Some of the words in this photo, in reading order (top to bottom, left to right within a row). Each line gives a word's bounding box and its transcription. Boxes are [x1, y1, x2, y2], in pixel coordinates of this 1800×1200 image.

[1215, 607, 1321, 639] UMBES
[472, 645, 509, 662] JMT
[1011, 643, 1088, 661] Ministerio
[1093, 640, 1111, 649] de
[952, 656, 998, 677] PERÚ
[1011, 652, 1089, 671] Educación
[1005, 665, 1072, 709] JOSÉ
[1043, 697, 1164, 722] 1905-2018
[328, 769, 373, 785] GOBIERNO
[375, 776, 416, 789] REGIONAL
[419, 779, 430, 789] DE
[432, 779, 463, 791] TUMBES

• • • •

WHAT YOU HAVE TO DO
Exactly as written, restate every line of the listing above.

TASK OUTPUT
Some of the words in this photo, in reading order (top to bottom, left to right within a row). Each line gives a word's bounding box and its transcription. Boxes are [x1, y1, x2, y2], in pixel coordinates of this 1800×1200 image.

[1215, 607, 1321, 639] UMBES
[472, 645, 509, 662] JMT
[1011, 643, 1088, 661] Ministerio
[1093, 640, 1111, 649] de
[952, 656, 998, 677] PERÚ
[1011, 652, 1089, 671] Educación
[1005, 665, 1072, 709] JOSÉ
[1043, 697, 1164, 722] 1905-2018
[328, 769, 373, 785] GOBIERNO
[375, 776, 416, 789] REGIONAL
[419, 779, 430, 789] DE
[432, 779, 463, 791] TUMBES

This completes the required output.